= MATERIAL TO PROCESS =
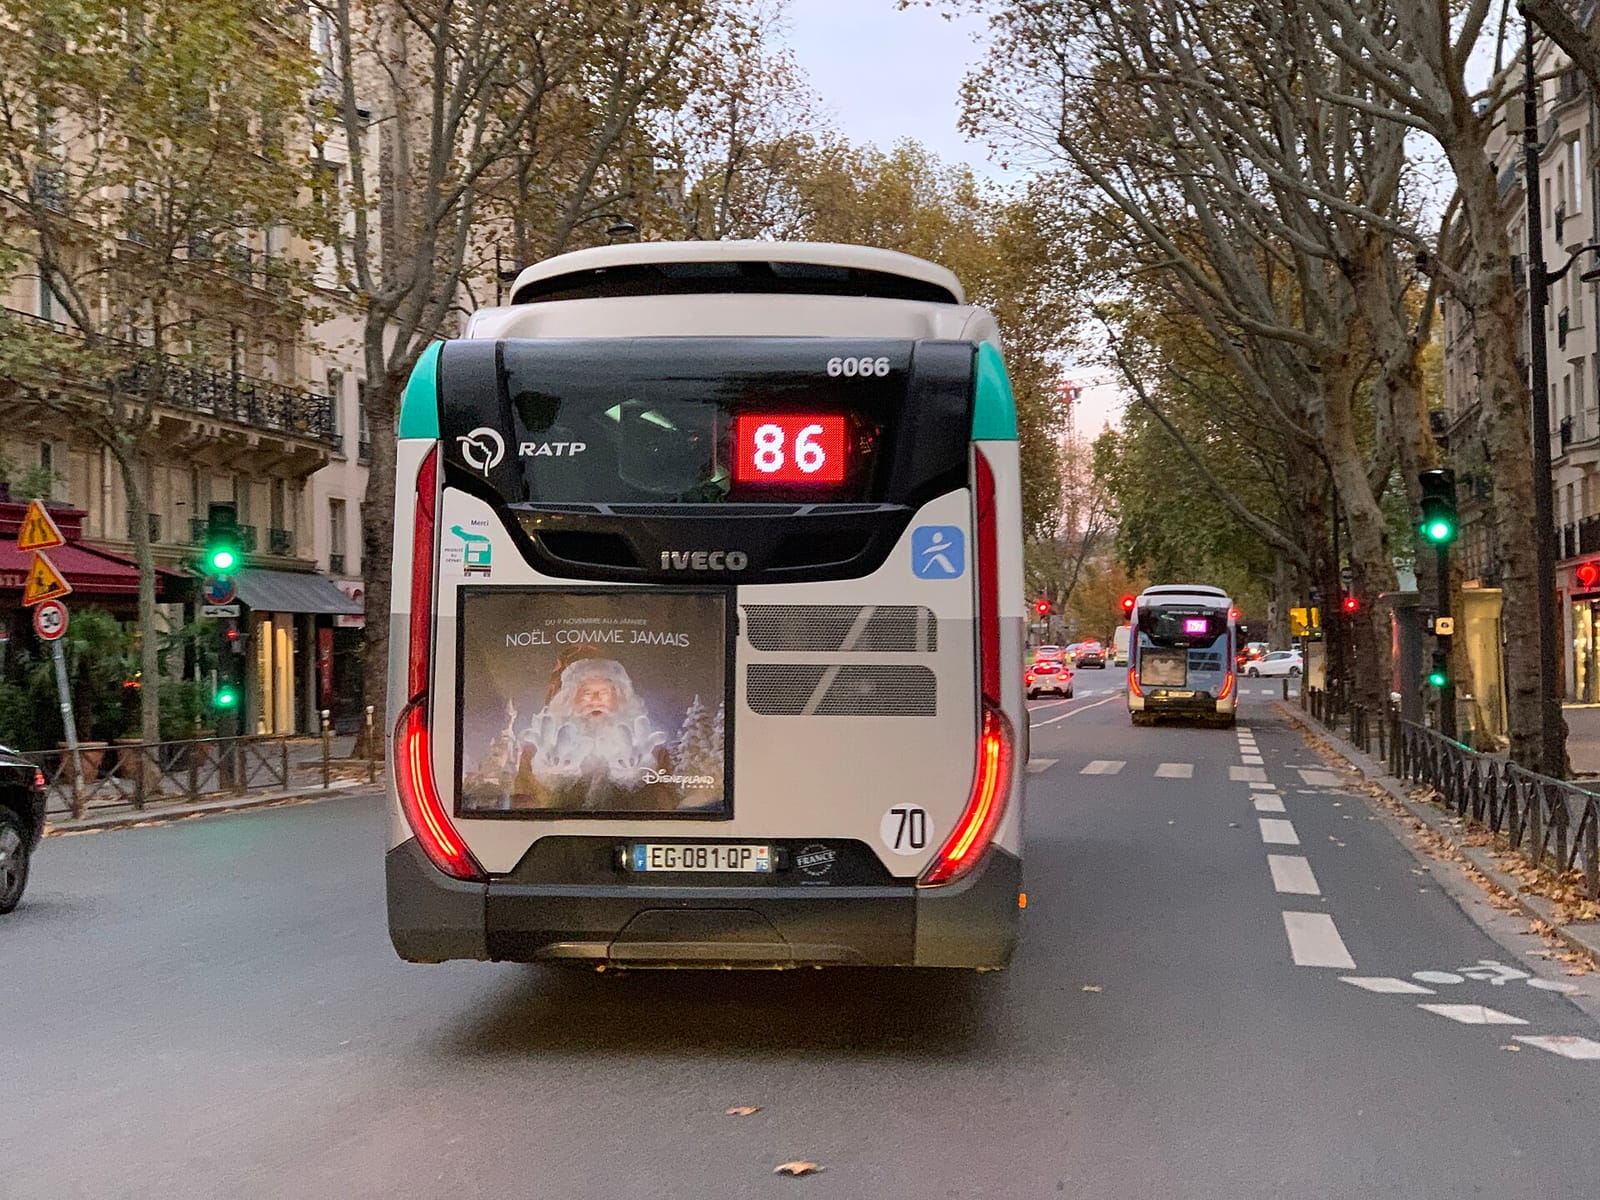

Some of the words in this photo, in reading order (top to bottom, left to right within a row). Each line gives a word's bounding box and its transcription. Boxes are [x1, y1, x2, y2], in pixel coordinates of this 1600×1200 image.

[827, 357, 890, 377] 6066
[518, 442, 587, 457] RATP
[754, 424, 826, 474] 86
[471, 519, 489, 527] Merci
[661, 551, 748, 571] IVECO
[42, 611, 60, 629] 30
[506, 629, 551, 647] NOËL
[555, 629, 625, 644] COMME
[630, 630, 690, 648] JAMAIS
[891, 808, 925, 849] 70
[797, 851, 834, 866] FRANCE

= ASSIGNMENT =
Give back the listing exactly, with the pictures removed.

= EXPECTED ANSWER =
Some of the words in this photo, in reading order (top to bottom, left to right within a row). Each line gives a word's bounding box and its transcription. Boxes are [x1, y1, x2, y2], in pixel coordinates of this 1600×1200 image.

[827, 357, 890, 377] 6066
[518, 442, 587, 457] RATP
[754, 424, 826, 474] 86
[471, 519, 489, 527] Merci
[661, 551, 748, 571] IVECO
[42, 611, 60, 629] 30
[506, 629, 551, 647] NOËL
[555, 629, 625, 644] COMME
[630, 630, 690, 648] JAMAIS
[891, 808, 925, 849] 70
[797, 851, 834, 866] FRANCE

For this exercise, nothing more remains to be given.